» Data for review:
- - -
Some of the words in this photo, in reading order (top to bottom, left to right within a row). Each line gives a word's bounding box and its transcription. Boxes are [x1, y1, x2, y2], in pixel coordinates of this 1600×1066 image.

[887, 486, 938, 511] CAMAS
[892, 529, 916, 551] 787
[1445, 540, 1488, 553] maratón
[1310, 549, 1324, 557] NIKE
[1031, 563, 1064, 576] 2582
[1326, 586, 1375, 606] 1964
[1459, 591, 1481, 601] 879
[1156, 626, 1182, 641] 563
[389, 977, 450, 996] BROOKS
- - -
» Exercise objective: Copy each entry exactly, leaving every line as it is.

» Answer box:
Some of the words in this photo, in reading order (top to bottom, left to right within a row). Each line gives a word's bounding box and its transcription. Boxes are [x1, y1, x2, y2], in pixel coordinates of this 1600×1066 image.

[887, 486, 938, 511] CAMAS
[892, 529, 916, 551] 787
[1445, 540, 1488, 553] maratón
[1310, 549, 1324, 557] NIKE
[1031, 563, 1064, 576] 2582
[1326, 586, 1375, 606] 1964
[1459, 591, 1481, 601] 879
[1156, 626, 1182, 641] 563
[389, 977, 450, 996] BROOKS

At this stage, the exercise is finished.